If the glove doesn't fit

SeeHerWork launched its line of female-gear in September. Courtesy of SeeHerWork

When Jane Henry was working on her home right after Hurricane Harvey — her house got three feet of mud in it — she went to throw a board into the dumpster, and her glove went with it.

Henry says the industry standard is to recommend small and extra-small sizes for women's workwear, but as a ladies large in athletic gloves, Henry still had a good inch or so of glove at her fingertips in her workwear gloves.

"I went upstairs to my sewing room, and I ripped that glove apart and I resewed it to fit my hand," Henry says.

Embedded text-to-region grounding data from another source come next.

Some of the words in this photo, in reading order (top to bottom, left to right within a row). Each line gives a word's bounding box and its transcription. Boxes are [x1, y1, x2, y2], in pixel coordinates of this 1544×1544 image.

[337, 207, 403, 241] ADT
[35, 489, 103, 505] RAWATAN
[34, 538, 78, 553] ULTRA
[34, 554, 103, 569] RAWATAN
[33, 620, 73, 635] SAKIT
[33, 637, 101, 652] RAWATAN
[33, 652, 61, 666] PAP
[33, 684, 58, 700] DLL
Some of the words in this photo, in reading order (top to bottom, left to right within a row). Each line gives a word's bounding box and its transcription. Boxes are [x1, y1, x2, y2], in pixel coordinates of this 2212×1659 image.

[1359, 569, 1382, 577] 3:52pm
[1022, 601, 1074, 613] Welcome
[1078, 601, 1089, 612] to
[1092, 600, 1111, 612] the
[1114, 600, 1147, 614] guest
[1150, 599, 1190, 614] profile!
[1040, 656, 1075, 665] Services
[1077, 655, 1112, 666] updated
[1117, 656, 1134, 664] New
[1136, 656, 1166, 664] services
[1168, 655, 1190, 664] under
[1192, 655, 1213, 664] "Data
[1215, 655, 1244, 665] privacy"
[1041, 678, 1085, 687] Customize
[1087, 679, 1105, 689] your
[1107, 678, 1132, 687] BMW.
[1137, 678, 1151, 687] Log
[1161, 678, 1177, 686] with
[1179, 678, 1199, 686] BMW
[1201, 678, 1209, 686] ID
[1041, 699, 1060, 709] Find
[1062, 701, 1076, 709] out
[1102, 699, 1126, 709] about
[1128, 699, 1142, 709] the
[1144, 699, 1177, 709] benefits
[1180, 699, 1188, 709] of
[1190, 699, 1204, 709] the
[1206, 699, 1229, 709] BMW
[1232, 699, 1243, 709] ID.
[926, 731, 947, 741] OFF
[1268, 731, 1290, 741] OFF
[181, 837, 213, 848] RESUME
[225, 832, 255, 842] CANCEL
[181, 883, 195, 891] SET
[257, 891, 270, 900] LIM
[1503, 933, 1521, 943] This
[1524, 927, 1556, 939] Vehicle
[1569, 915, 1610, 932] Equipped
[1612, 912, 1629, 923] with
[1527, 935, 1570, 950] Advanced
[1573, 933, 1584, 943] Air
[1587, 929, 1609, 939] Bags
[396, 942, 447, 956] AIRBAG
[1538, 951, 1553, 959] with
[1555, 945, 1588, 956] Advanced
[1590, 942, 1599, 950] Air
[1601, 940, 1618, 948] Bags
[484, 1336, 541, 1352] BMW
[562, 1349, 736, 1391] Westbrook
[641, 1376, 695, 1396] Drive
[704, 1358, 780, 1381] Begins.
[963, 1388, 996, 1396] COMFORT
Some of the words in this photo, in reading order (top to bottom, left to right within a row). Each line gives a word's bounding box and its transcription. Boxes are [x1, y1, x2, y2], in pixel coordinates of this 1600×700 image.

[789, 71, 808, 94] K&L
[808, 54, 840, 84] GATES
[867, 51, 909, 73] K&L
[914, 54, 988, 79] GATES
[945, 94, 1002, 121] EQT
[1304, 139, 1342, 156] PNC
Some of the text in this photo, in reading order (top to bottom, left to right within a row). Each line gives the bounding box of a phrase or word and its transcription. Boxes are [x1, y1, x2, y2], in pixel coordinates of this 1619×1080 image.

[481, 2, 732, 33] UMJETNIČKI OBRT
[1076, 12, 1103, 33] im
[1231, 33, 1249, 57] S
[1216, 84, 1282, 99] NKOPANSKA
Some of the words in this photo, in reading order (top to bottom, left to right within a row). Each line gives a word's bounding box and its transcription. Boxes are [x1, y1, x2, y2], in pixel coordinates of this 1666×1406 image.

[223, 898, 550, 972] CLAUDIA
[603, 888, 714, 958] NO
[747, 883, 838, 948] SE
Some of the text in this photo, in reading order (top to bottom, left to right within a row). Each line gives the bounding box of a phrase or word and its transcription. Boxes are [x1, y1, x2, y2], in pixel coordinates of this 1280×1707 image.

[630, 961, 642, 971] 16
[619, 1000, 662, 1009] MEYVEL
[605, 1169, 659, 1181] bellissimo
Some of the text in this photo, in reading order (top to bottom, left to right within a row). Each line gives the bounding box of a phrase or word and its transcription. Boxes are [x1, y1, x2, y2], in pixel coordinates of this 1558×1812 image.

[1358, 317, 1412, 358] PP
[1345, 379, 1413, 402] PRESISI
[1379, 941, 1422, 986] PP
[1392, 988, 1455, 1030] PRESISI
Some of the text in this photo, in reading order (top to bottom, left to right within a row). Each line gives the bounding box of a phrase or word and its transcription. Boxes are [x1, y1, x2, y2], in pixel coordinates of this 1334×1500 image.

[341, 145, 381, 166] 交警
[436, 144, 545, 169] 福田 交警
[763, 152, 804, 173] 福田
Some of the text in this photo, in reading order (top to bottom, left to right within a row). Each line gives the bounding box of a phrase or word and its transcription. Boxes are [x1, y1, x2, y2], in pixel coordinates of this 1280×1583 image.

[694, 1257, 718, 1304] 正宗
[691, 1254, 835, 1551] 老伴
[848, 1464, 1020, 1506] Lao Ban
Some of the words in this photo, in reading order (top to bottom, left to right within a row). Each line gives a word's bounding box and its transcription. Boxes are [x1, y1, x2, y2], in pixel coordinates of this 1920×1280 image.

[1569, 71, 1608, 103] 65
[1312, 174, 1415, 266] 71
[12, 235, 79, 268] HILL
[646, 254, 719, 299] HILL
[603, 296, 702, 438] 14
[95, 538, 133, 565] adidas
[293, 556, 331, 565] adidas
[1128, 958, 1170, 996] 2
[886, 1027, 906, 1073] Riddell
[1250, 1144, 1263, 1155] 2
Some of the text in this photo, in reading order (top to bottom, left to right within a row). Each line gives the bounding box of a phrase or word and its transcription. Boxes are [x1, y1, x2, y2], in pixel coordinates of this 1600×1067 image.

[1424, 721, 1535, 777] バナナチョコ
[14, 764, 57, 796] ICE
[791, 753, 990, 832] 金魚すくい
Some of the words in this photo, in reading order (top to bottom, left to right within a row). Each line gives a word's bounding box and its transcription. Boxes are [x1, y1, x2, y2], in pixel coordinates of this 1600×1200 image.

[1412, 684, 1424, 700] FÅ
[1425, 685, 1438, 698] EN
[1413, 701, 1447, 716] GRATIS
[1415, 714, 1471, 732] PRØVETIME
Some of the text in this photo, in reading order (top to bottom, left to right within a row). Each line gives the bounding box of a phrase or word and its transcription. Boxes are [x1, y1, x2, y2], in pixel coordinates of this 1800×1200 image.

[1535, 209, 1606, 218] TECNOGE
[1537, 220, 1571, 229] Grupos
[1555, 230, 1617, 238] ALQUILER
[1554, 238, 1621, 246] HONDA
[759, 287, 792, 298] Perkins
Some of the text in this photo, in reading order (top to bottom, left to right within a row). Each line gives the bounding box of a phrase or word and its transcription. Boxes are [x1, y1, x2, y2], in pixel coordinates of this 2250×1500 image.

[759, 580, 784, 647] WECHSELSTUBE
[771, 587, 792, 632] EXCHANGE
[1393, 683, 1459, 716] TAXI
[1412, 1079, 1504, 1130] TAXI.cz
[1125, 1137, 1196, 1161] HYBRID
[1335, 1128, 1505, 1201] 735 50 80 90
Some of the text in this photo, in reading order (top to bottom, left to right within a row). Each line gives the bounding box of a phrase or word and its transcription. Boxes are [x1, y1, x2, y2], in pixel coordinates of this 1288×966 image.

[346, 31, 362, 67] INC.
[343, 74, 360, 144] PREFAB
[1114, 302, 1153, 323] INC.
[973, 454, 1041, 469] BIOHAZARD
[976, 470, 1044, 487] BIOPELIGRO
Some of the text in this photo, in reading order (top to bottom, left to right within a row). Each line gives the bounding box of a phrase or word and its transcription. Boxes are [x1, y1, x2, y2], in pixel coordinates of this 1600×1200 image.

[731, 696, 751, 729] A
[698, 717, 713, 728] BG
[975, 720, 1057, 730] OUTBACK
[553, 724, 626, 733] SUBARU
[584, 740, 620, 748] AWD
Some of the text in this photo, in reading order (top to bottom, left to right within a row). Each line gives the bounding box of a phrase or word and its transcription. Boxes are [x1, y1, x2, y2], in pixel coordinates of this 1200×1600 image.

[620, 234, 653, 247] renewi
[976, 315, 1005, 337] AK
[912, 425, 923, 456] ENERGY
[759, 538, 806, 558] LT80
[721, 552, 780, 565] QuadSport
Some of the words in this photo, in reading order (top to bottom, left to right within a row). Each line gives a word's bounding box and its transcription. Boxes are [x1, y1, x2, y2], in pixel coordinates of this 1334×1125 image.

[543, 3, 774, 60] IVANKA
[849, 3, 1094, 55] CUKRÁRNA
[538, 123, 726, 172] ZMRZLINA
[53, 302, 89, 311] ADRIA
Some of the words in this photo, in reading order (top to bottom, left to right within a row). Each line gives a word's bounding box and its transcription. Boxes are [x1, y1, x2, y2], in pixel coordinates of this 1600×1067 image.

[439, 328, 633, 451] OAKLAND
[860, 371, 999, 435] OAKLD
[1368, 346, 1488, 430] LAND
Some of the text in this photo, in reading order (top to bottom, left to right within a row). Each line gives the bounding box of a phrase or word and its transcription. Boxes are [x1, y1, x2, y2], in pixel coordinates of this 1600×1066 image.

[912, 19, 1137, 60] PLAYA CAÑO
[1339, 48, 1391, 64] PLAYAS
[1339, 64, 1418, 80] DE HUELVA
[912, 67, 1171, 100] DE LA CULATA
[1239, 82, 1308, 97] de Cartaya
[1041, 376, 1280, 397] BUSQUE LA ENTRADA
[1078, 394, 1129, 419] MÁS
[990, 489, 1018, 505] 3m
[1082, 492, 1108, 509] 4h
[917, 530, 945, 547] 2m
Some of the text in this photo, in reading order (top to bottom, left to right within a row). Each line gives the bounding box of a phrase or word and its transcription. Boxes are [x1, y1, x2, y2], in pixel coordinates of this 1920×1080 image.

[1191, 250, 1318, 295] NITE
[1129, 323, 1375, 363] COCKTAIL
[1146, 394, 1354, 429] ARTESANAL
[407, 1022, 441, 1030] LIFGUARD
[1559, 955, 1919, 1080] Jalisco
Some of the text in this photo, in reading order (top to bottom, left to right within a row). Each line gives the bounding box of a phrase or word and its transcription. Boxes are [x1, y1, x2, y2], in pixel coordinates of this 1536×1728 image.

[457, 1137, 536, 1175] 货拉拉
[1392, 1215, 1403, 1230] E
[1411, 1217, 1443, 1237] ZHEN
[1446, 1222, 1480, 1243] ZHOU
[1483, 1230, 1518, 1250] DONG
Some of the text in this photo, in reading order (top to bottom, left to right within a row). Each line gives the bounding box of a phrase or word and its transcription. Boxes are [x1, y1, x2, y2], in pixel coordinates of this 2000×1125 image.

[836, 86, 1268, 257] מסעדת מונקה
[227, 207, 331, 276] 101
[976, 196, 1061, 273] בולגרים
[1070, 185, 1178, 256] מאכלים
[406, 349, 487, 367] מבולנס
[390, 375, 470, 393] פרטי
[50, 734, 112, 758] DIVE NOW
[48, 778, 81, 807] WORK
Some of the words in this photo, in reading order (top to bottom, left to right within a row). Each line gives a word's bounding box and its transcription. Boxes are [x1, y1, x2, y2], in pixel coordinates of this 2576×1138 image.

Other women stopped her in hardware stores to ask her about her shoddily sewn glove, and she realized this was the idea for next company. She incorporated SeeHerWork a few months later in January of 2018, and she launched her line of clothing in September, just a year after she had the idea. Based in Houston, SeeHerWork rents warehouse space in Kingwood and has its corporate office in Midtown.

Doing the legwork
Henry is no stranger to the startup game. She created her own consulting company, Xcution Inc., over 16 years ago, but she downsized the company in 2016 when oil prices took a turn. Instead, she went into Rice University's MBA program, where, ultimately, she created a network of associates that would eventually help SeeHerWork grow.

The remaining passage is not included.